_Prompt_
Lift out each line of the data that holds "Happy".

_Referring expression grounding data_

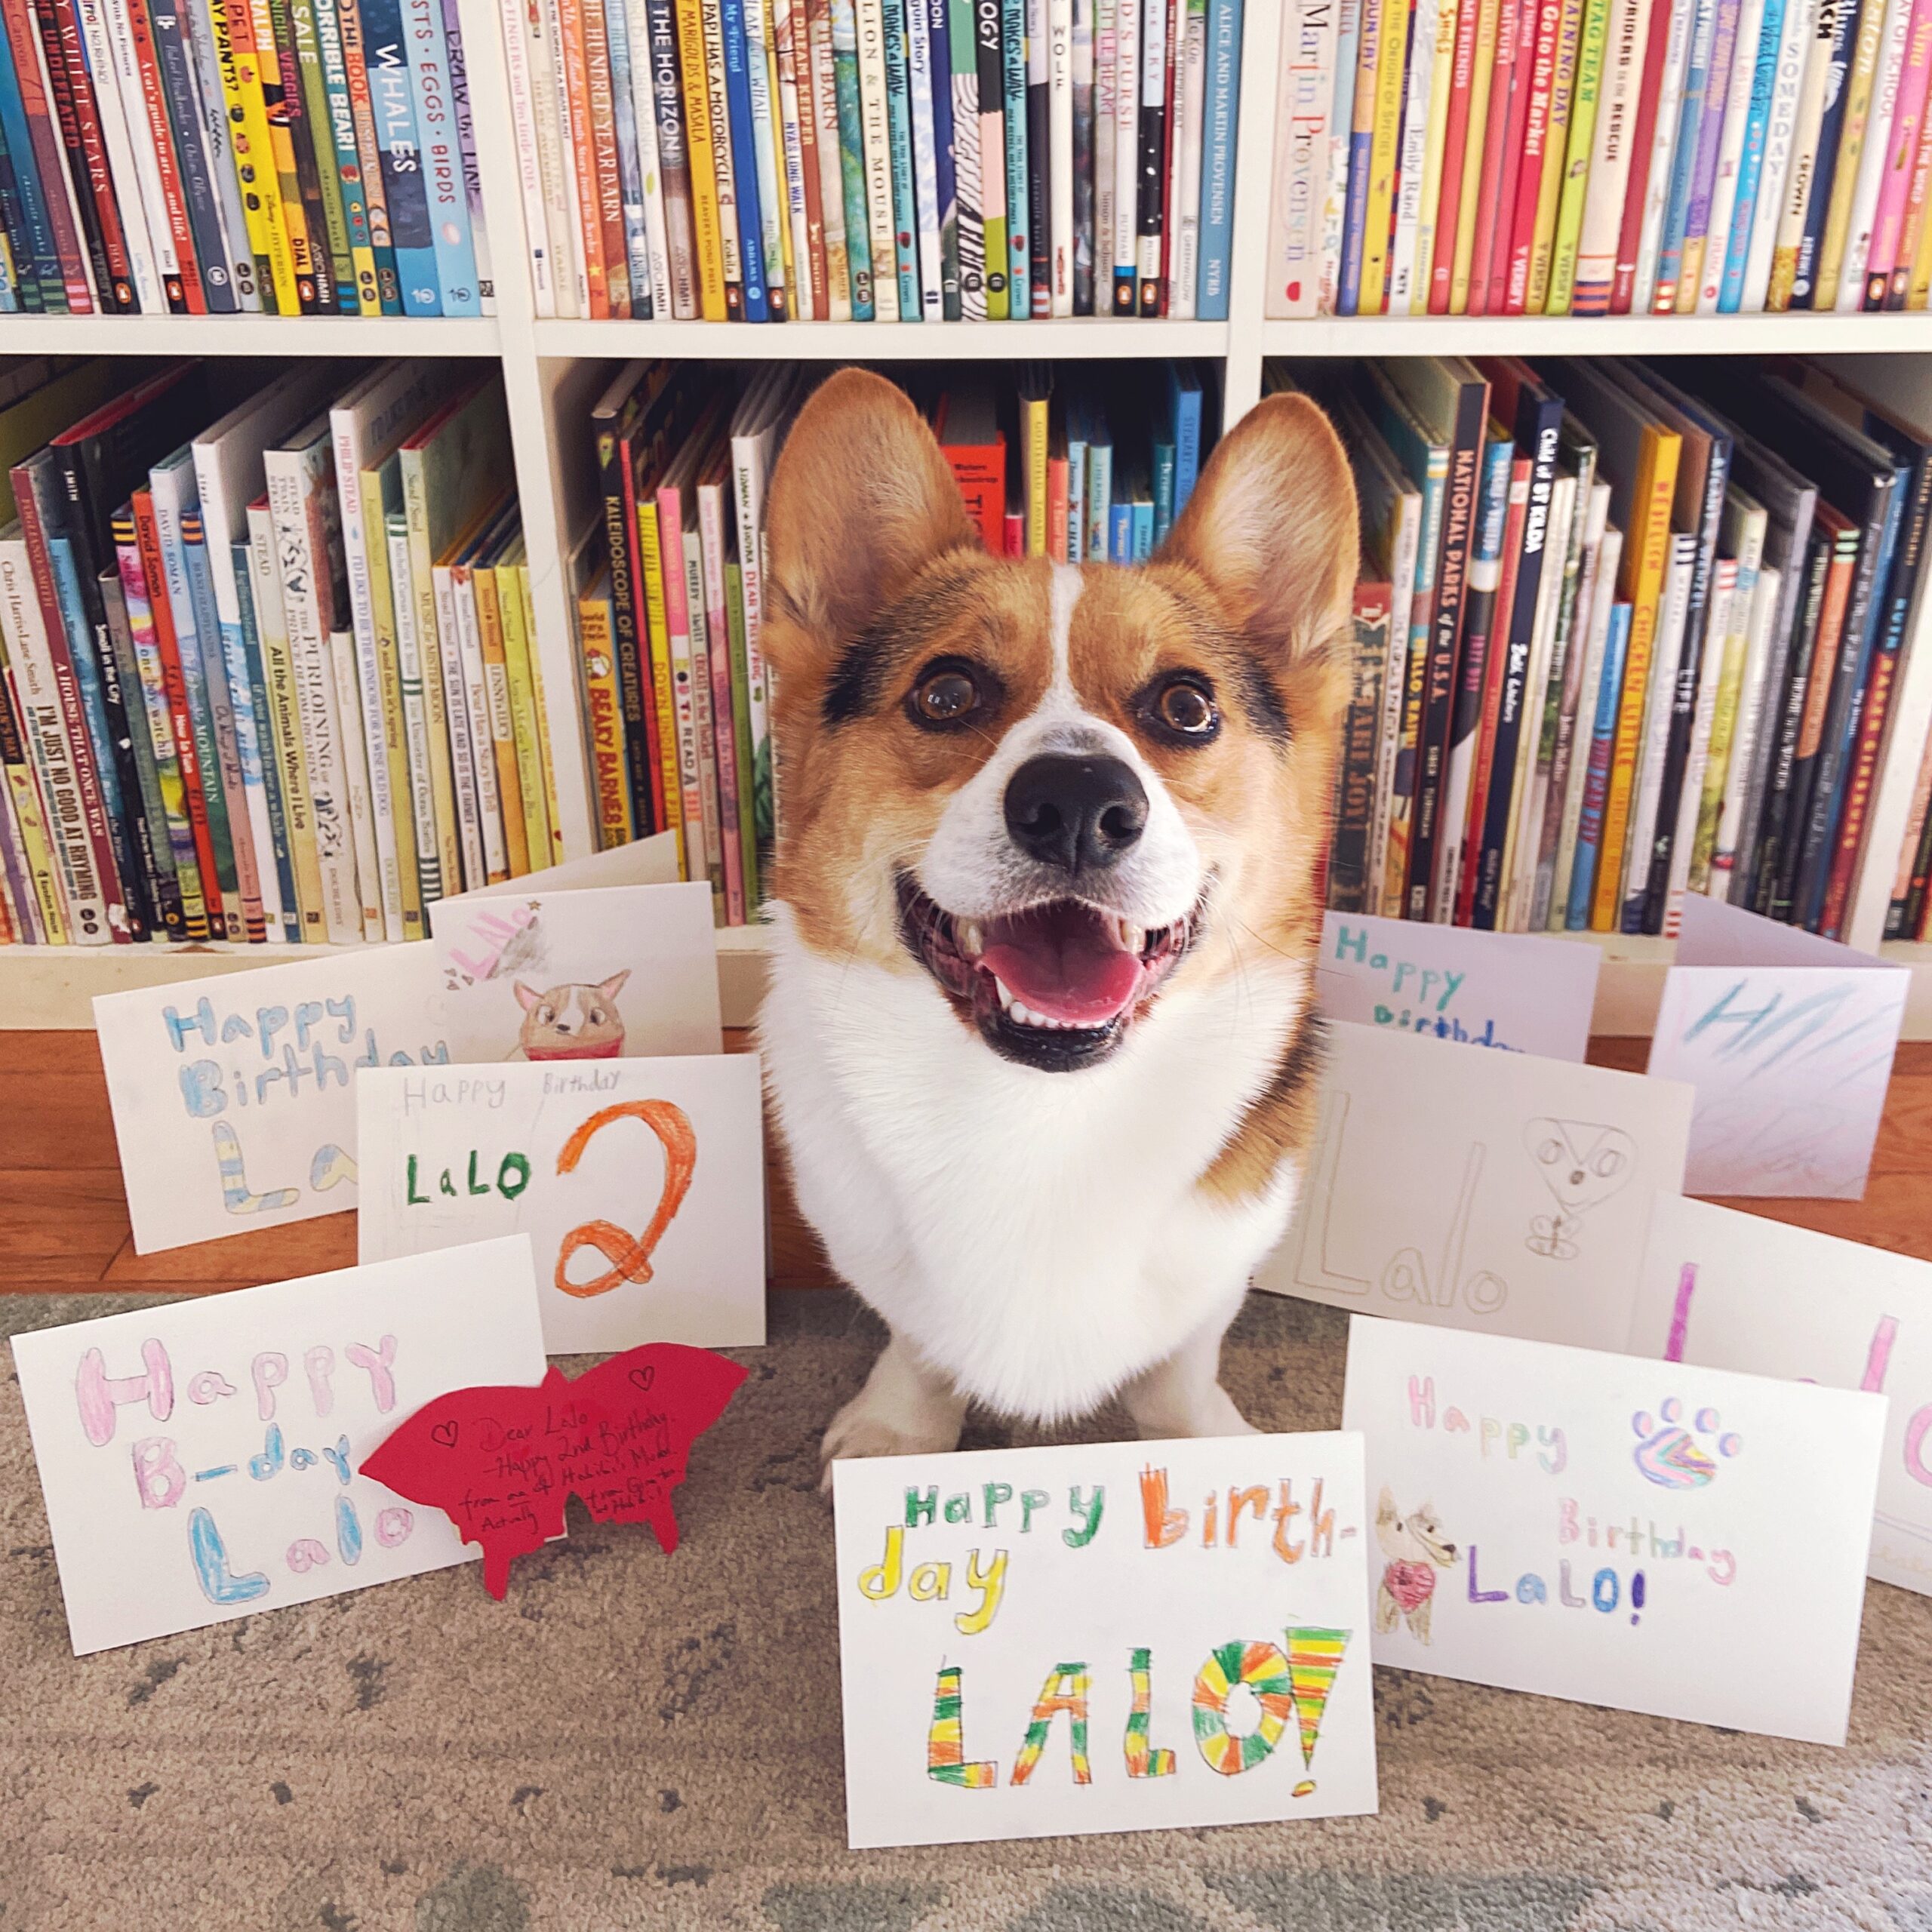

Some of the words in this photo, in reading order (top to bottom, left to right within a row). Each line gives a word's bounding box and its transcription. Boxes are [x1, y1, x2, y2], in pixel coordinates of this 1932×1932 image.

[11, 14, 30, 66] Canyon
[229, 5, 249, 41] PET
[292, 6, 318, 63] SALE
[651, 7, 669, 47] THE
[703, 3, 720, 36] PAPI
[862, 2, 879, 60] LION
[884, 4, 902, 51] MAKES
[980, 2, 999, 50] OGY
[1218, 4, 1232, 47] ALICE
[1497, 4, 1515, 65] MIYUKI
[1543, 6, 1559, 32] Go
[1588, 2, 1604, 39] TAG
[215, 21, 238, 91] PANTS?
[681, 10, 699, 78] MARIGOLDS
[706, 41, 721, 69] HAS
[793, 17, 810, 75] DREAM
[910, 37, 925, 74] Story
[1148, 42, 1160, 80] SKY
[1287, 4, 1331, 104] Martin
[1455, 26, 1472, 88] FRIENDS
[1538, 37, 1554, 54] to
[143, 61, 152, 70] A
[280, 51, 301, 118] VEGGIES
[445, 29, 469, 106] DRAW
[458, 114, 473, 140] the
[709, 77, 722, 86] A
[1217, 51, 1231, 84] AND
[1534, 58, 1549, 87] the
[1580, 48, 1600, 102] TEAM
[375, 43, 417, 172] WHALES
[420, 62, 445, 122] EGGS
[655, 53, 680, 152] HORIZON
[688, 82, 699, 93] &
[1100, 63, 1115, 118] HEART
[147, 102, 165, 140] guide
[688, 97, 706, 143] MASALA
[798, 84, 814, 146] KEEPER
[868, 100, 882, 145] THE
[1214, 88, 1229, 141] MARTIN
[1525, 91, 1549, 156] Market
[1605, 103, 1625, 163] RESCUE
[80, 121, 109, 193] STARS
[157, 141, 168, 155] to
[596, 121, 617, 168] YEAR
[709, 91, 731, 187] MOTORCYCLE
[1404, 128, 1424, 172] Emily
[159, 156, 172, 175] art
[431, 145, 455, 204] BIRDS
[788, 155, 801, 183] LONG
[1210, 145, 1226, 226] PROVENSEN
[1790, 154, 1811, 215] CROWN
[168, 192, 181, 215] and
[600, 174, 620, 222] BARN
[789, 186, 804, 214] WALK
[871, 158, 888, 235] MOUSE
[1284, 115, 1325, 261] Provensen
[1401, 181, 1418, 220] Rand
[173, 217, 188, 241] life!
[1119, 214, 1128, 259] PUTNAM
[292, 238, 309, 266] DIAL
[315, 274, 331, 303] HMH
[655, 283, 667, 312] HMH
[678, 278, 691, 307] HMH
[1207, 259, 1220, 296] NYRB
[1396, 267, 1409, 295] TATE
[1509, 259, 1527, 306] VERSIFY
[1531, 255, 1547, 301] VERSIFY
[1555, 255, 1571, 301] VERSIFY
[339, 435, 354, 473] PHILIP
[1537, 429, 1558, 463] Child
[63, 470, 79, 501] SMITH
[1531, 483, 1550, 503] ST
[1537, 466, 1553, 478] of
[342, 475, 357, 515] STEAD
[1447, 449, 1475, 546] NATIONAL
[139, 515, 155, 552] David
[1524, 506, 1547, 554] KILDA
[604, 496, 633, 611] KALEIDOSCOPE
[355, 572, 368, 598] LIKE
[1440, 549, 1463, 608] PARKS
[2, 561, 21, 594] Chris
[26, 663, 42, 695] Smith
[358, 600, 371, 617] TO
[359, 619, 372, 633] BE
[617, 616, 635, 638] OF
[1438, 614, 1454, 626] of
[95, 624, 113, 652] Small
[269, 647, 288, 666] All
[361, 636, 374, 658] THE
[420, 591, 433, 629] MUSIC
[430, 688, 444, 724] MOON
[103, 666, 118, 682] the
[273, 669, 291, 690] the
[382, 651, 393, 671] and
[620, 642, 641, 722] CREATURES
[61, 679, 81, 725] HOUSE
[106, 685, 121, 705] City
[489, 664, 509, 702] LENNY
[36, 705, 55, 726] I'M
[276, 693, 296, 747] Animals
[386, 715, 398, 749] spring
[494, 708, 511, 740] LUCY
[587, 687, 614, 748] BEAKY
[42, 731, 65, 764] JUST
[71, 728, 88, 764] THAT
[456, 733, 470, 749] AND
[681, 727, 694, 769] READ
[52, 767, 70, 785] NO
[196, 724, 220, 804] MOUNTAIN
[285, 751, 303, 793] Where
[376, 769, 386, 792] OLD
[684, 773, 700, 786] A
[54, 789, 80, 823] GOOD
[80, 768, 98, 806] ONCE
[377, 793, 389, 817] DOG
[598, 752, 623, 824] BARNES
[65, 827, 81, 842] AT
[88, 808, 103, 836] WAS
[292, 804, 306, 830] Live
[69, 845, 97, 900] RHYMING
[1335, 926, 1466, 1012] Happy
[162, 992, 358, 1055] Happy
[403, 1077, 509, 1118] Happy
[542, 1069, 623, 1096] Birthday
[553, 1097, 697, 1298] 2
[1294, 1090, 1508, 1316] Lalo
[473, 1417, 532, 1453] Dear
[544, 1404, 589, 1435] Lalo
[1407, 1374, 1568, 1475] Happy
[905, 1480, 1105, 1548] Happy
[187, 1494, 414, 1605] Lalo
[1558, 1497, 1737, 1587] Birthday
[857, 1524, 1010, 1635] day
[926, 1626, 1353, 1798] LALO!
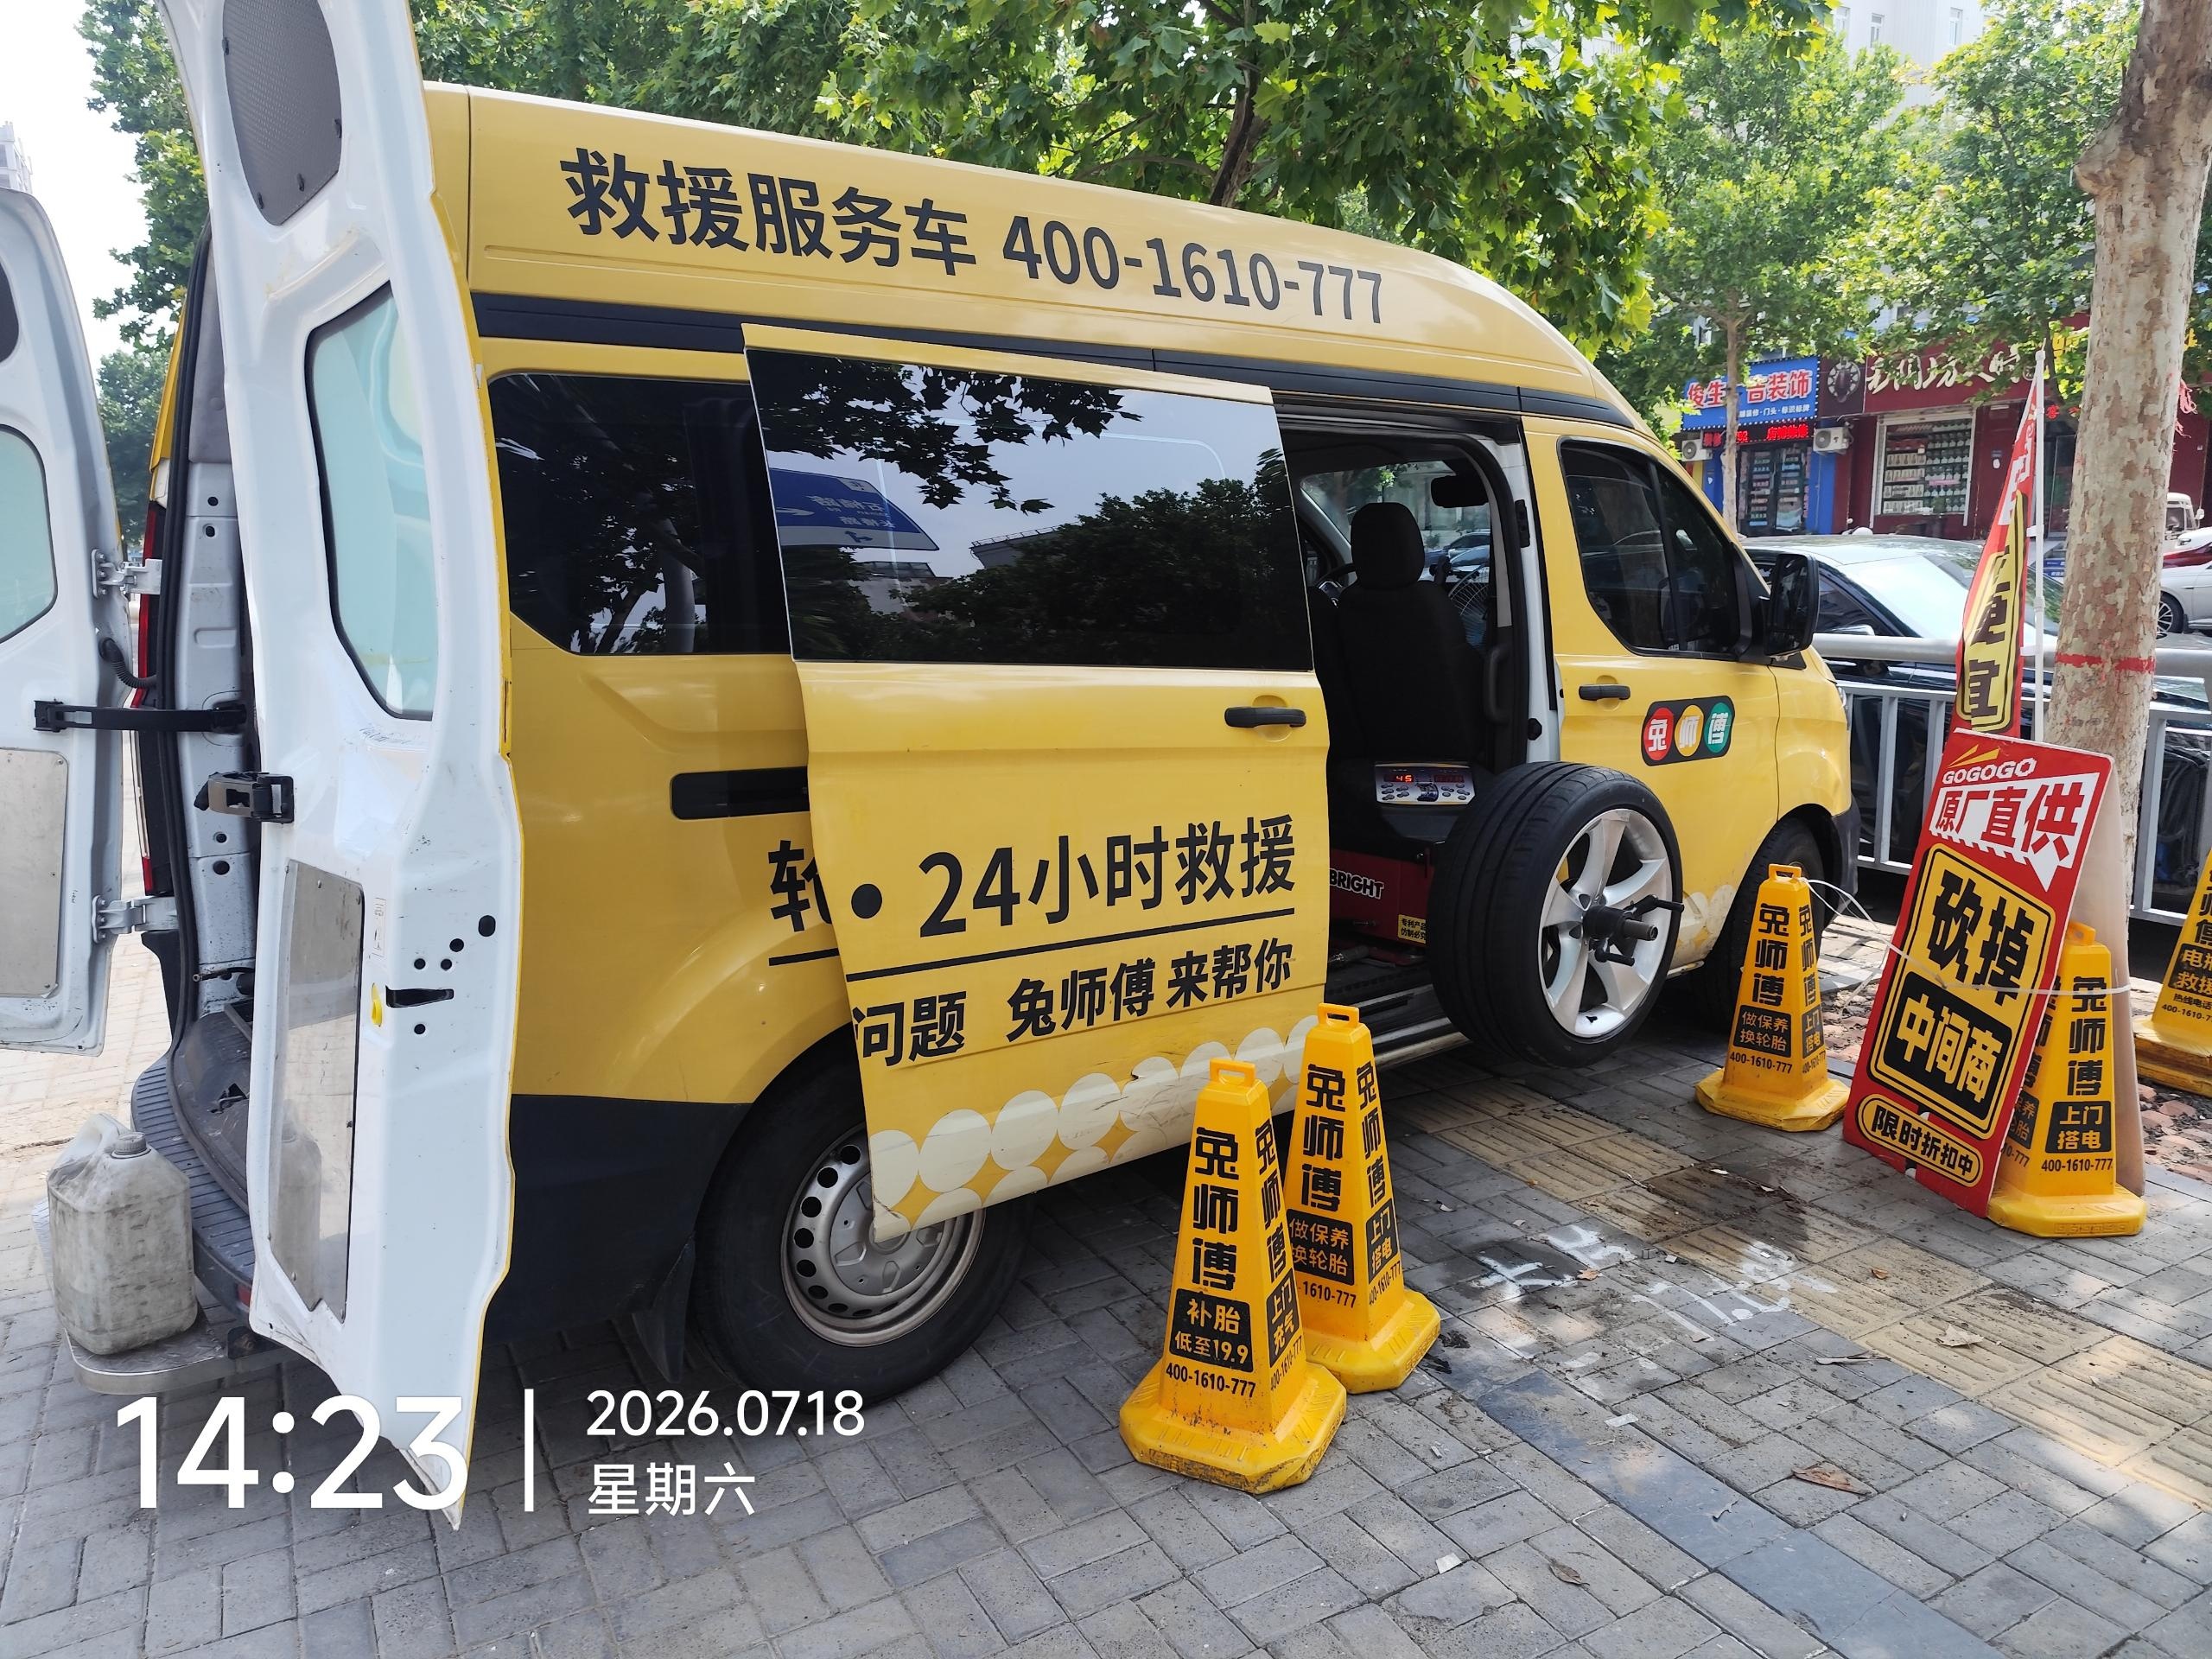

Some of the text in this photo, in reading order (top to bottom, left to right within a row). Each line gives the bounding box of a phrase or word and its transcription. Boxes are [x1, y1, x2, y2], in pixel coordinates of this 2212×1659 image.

[559, 148, 1382, 324] 救援服务车 400-1610-777
[1688, 370, 1812, 408] 俊生告装饰
[1942, 758, 2037, 784] GOGOGO
[1936, 782, 2085, 861] 原厂直供
[918, 814, 1295, 938] 24小时救援
[1330, 868, 1385, 899] BRIGHT
[1926, 869, 2035, 1007] 砍掉
[853, 938, 1294, 1067] 问题 兔师傅 来帮你
[1740, 1029, 1787, 1052] 换轮胎
[1742, 1011, 1789, 1033] 做保养
[1730, 1052, 1793, 1075] 400-1610-777
[1897, 995, 2002, 1103] 中间商
[2059, 1106, 2103, 1125] 上门
[1872, 1109, 1974, 1178] 限时折扣中
[2057, 1130, 2102, 1151] 搭电
[2041, 1158, 2113, 1173] 400-1610-777
[1289, 1217, 1349, 1250] 做保养
[1371, 1206, 1391, 1244] 上门
[1292, 1243, 1348, 1277] 换轮胎
[1271, 1277, 1293, 1324] 上门
[1369, 1260, 1401, 1306] 400-1610-777
[1186, 1298, 1241, 1335] 补胎
[1273, 1309, 1295, 1356] 充气
[1174, 1331, 1249, 1364] 低至19.9
[1270, 1335, 1303, 1391] 400-1610-777
[1166, 1363, 1256, 1398] 400-1610-777

_Result for this task_
[1335, 926, 1466, 1012] Happy
[162, 992, 358, 1055] Happy
[403, 1077, 509, 1118] Happy
[1407, 1374, 1568, 1475] Happy
[905, 1480, 1105, 1548] Happy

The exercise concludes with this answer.